Each record must be written out again exactly. Skip any picture it contains.

Records contained in a dataset
BEGIN

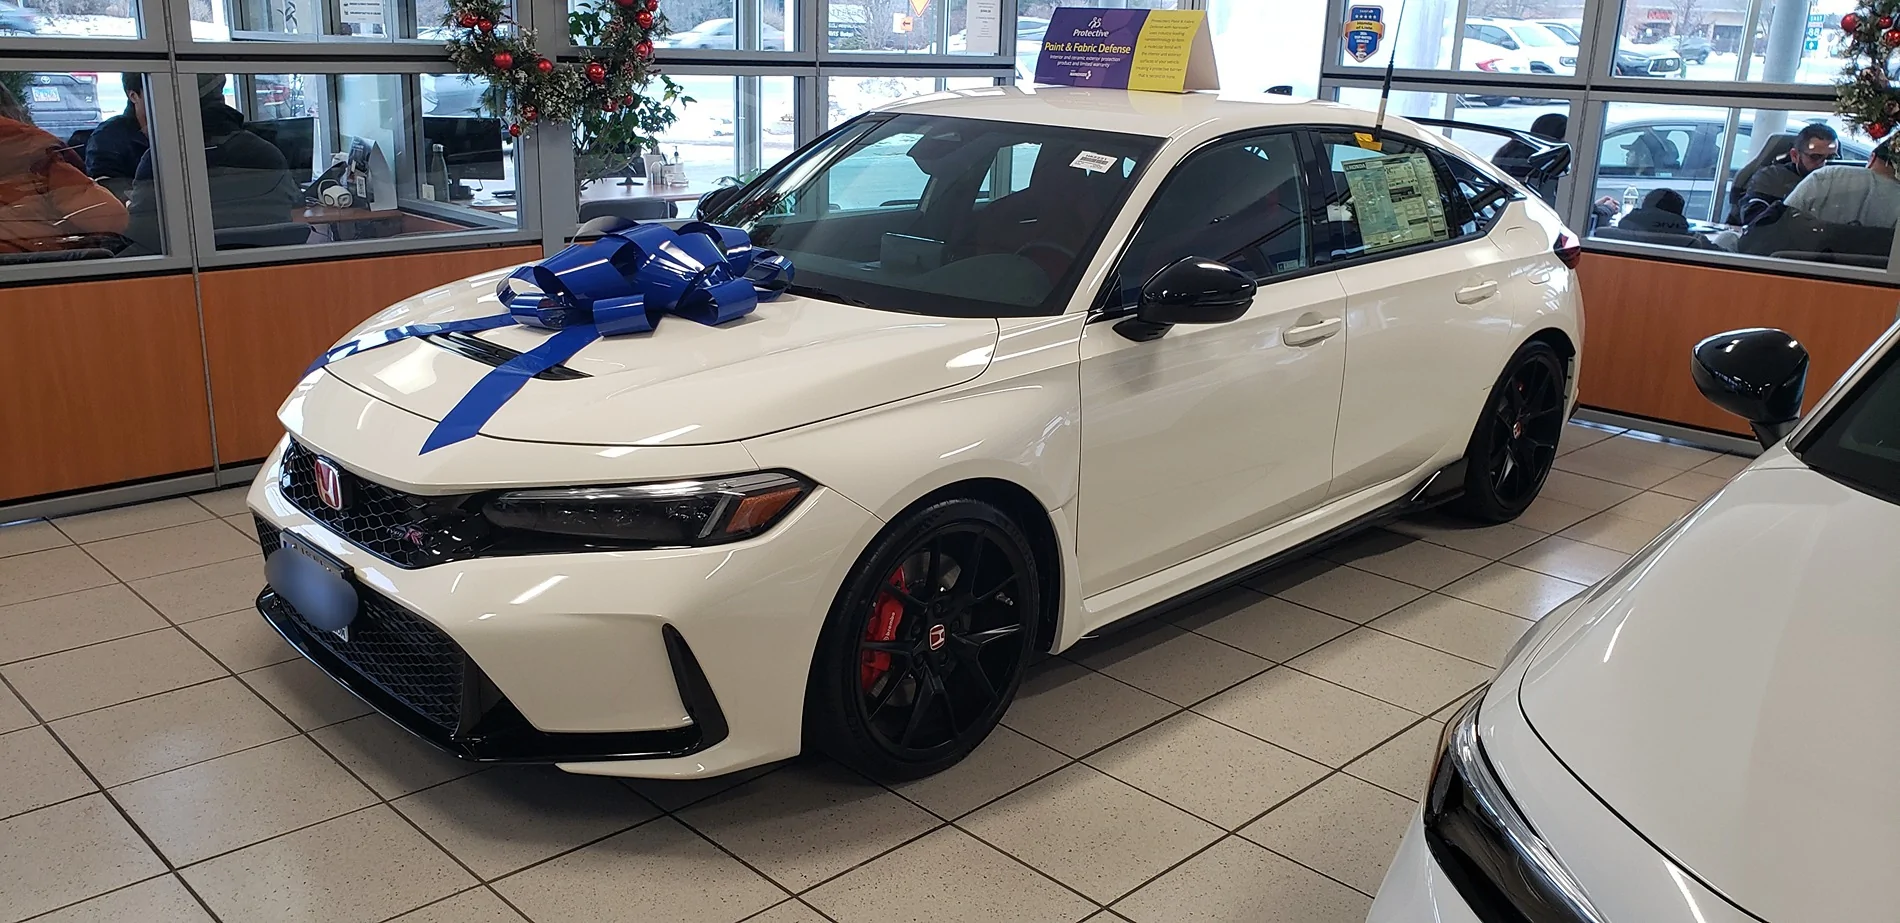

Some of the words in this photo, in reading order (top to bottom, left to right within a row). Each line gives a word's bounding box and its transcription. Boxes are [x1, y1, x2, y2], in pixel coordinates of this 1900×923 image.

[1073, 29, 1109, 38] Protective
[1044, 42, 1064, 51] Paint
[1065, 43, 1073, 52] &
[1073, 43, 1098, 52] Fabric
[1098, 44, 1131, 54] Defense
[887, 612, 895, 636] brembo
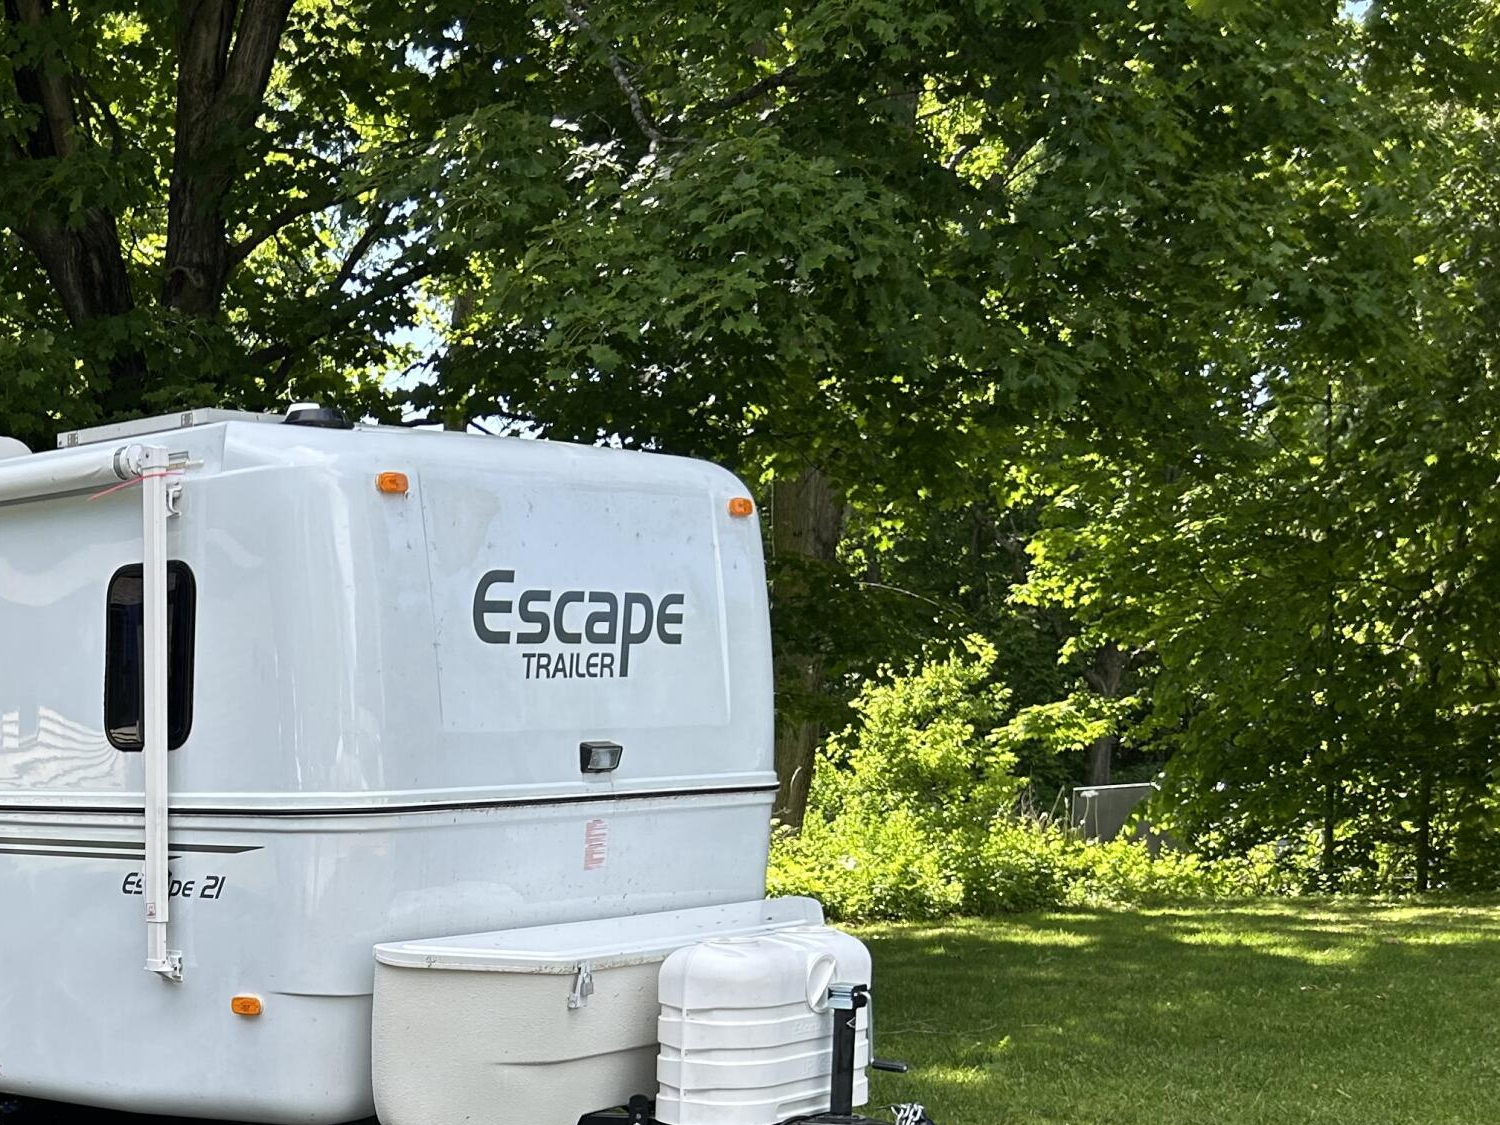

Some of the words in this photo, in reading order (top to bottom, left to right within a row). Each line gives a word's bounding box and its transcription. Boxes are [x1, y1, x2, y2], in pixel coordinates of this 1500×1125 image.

END

- Task response -
Some of the words in this photo, in reading order (top to bottom, left to right within a row). Each line gives a word's bounding box and its transcription. Boxes are [x1, y1, x2, y2], in pixel coordinates of this 1900×923 image.

[1073, 29, 1109, 38] Protective
[1044, 42, 1064, 51] Paint
[1065, 43, 1073, 52] &
[1073, 43, 1098, 52] Fabric
[1098, 44, 1131, 54] Defense
[887, 612, 895, 636] brembo

Some of the words in this photo, in reading order (top to bottom, left to right within a row). Each line gives a word's bounding box and its transcription. Boxes are [x1, y1, x2, y2], in pixel coordinates of this 1500×1125 image.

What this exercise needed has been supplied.